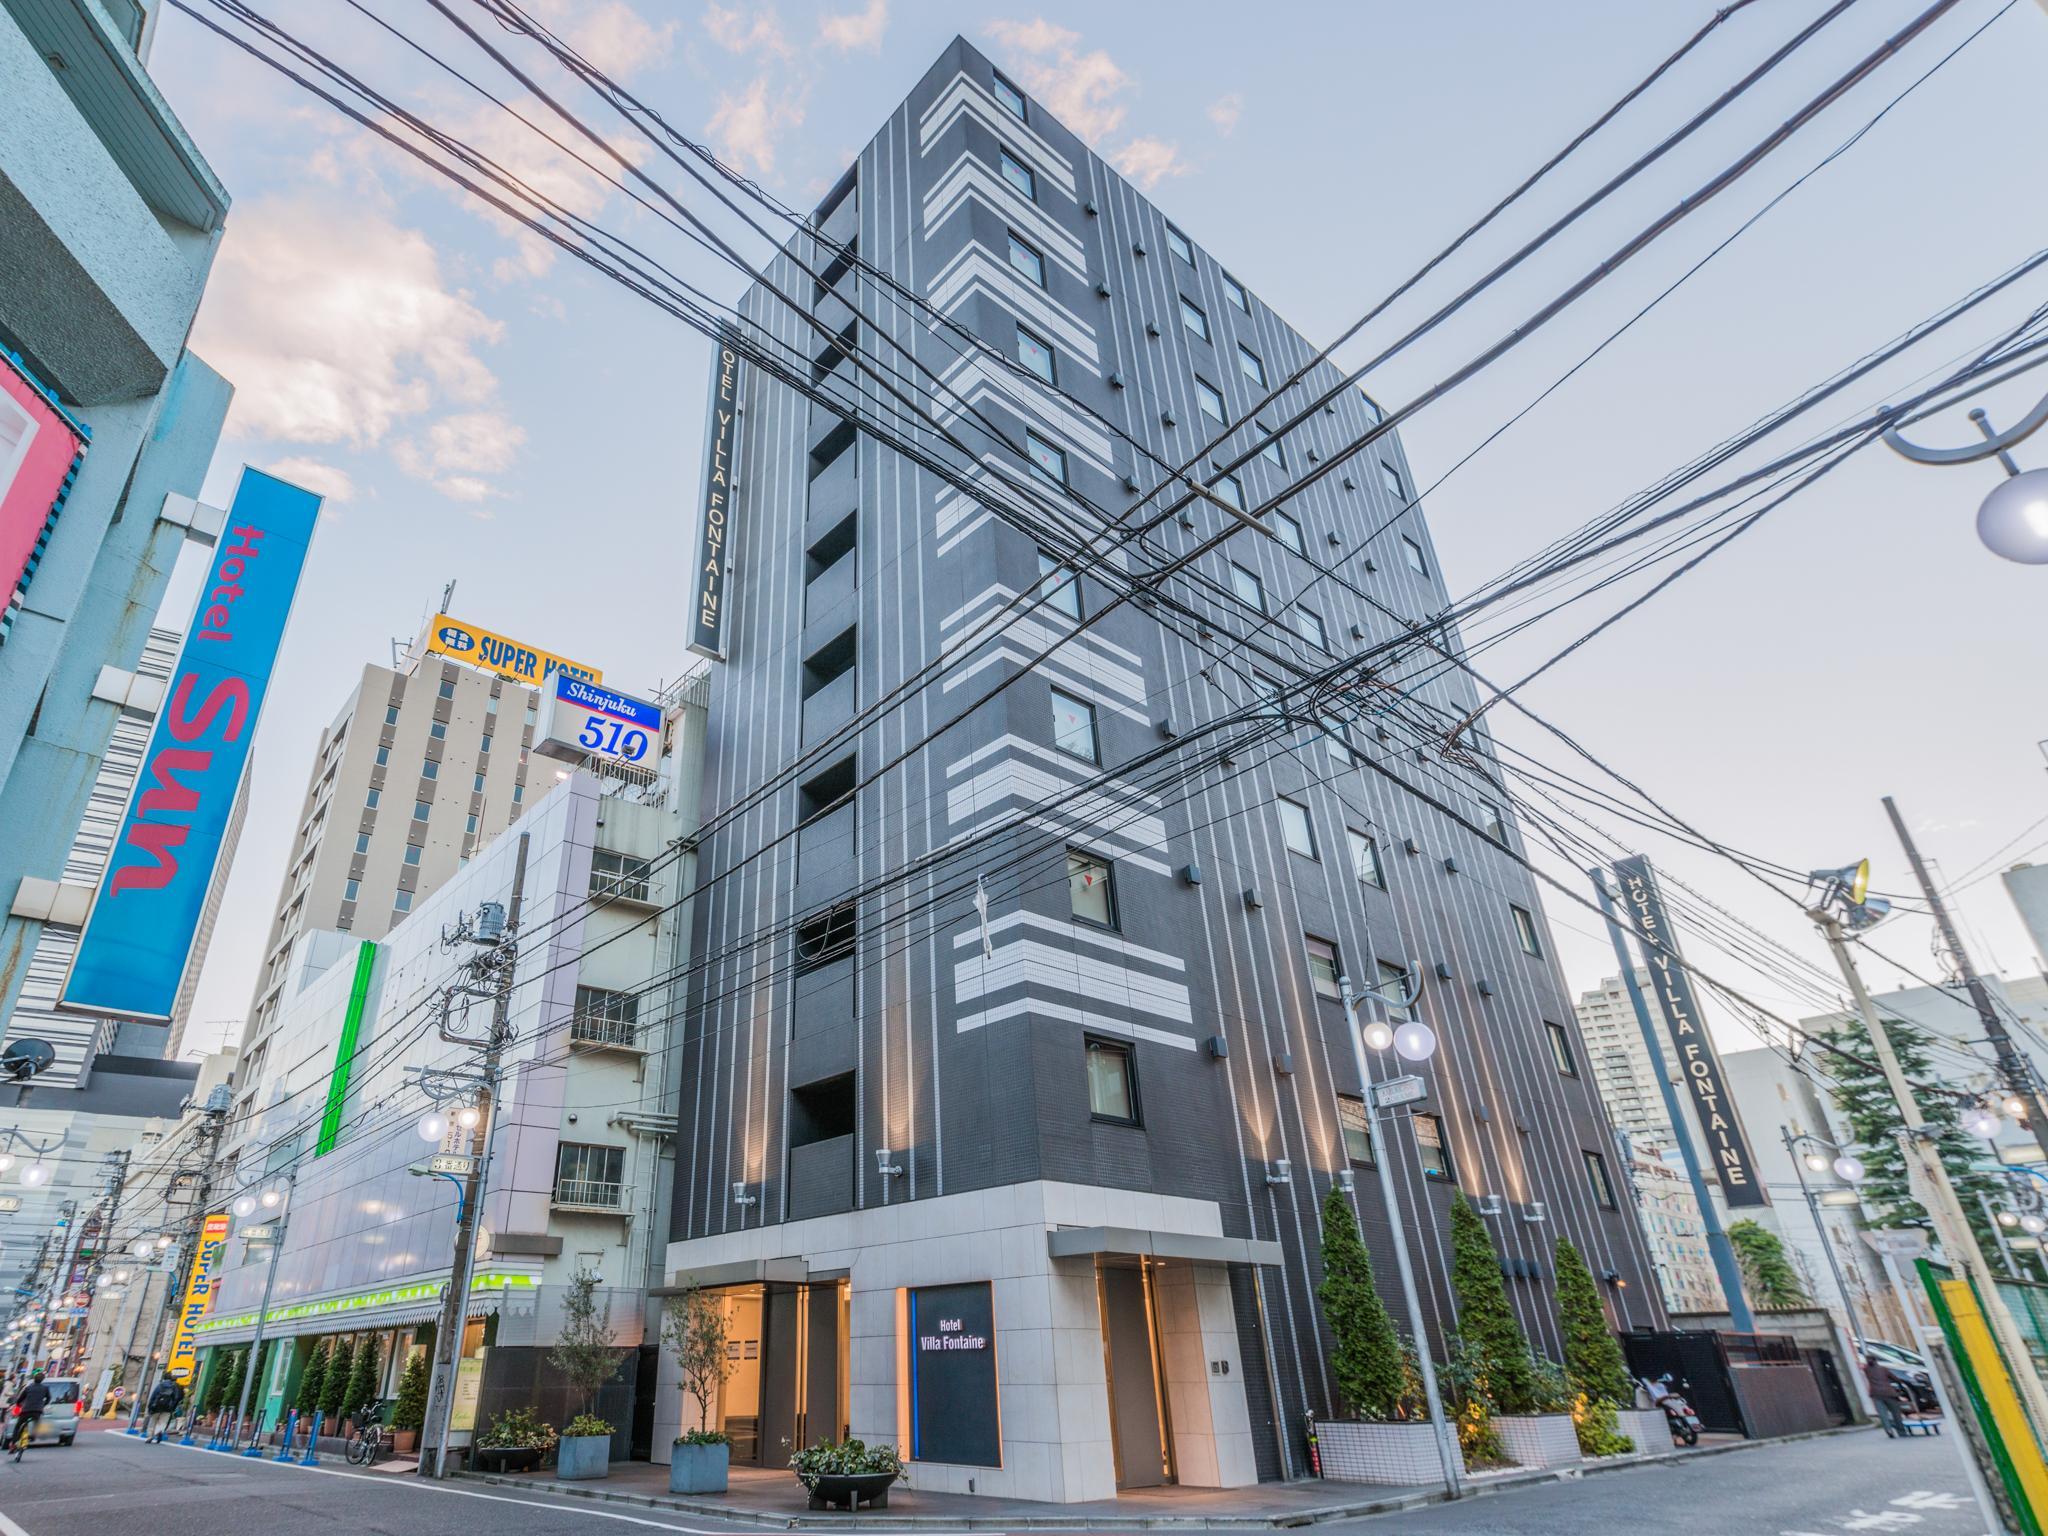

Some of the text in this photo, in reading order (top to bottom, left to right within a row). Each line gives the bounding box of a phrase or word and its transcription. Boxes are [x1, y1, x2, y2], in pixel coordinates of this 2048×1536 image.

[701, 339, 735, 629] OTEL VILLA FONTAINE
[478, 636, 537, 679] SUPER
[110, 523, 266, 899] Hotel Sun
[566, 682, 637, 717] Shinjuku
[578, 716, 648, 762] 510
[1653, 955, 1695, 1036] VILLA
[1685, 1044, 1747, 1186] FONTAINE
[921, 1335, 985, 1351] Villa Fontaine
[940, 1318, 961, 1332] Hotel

--

Assignment –
A faithful copy of all the data above is required, printed exactly and with no pictures.

Solution to this task –
Some of the text in this photo, in reading order (top to bottom, left to right within a row). Each line gives the bounding box of a phrase or word and its transcription. Boxes are [x1, y1, x2, y2], in pixel coordinates of this 2048×1536 image.

[701, 339, 735, 629] OTEL VILLA FONTAINE
[478, 636, 537, 679] SUPER
[110, 523, 266, 899] Hotel Sun
[566, 682, 637, 717] Shinjuku
[578, 716, 648, 762] 510
[1653, 955, 1695, 1036] VILLA
[1685, 1044, 1747, 1186] FONTAINE
[921, 1335, 985, 1351] Villa Fontaine
[940, 1318, 961, 1332] Hotel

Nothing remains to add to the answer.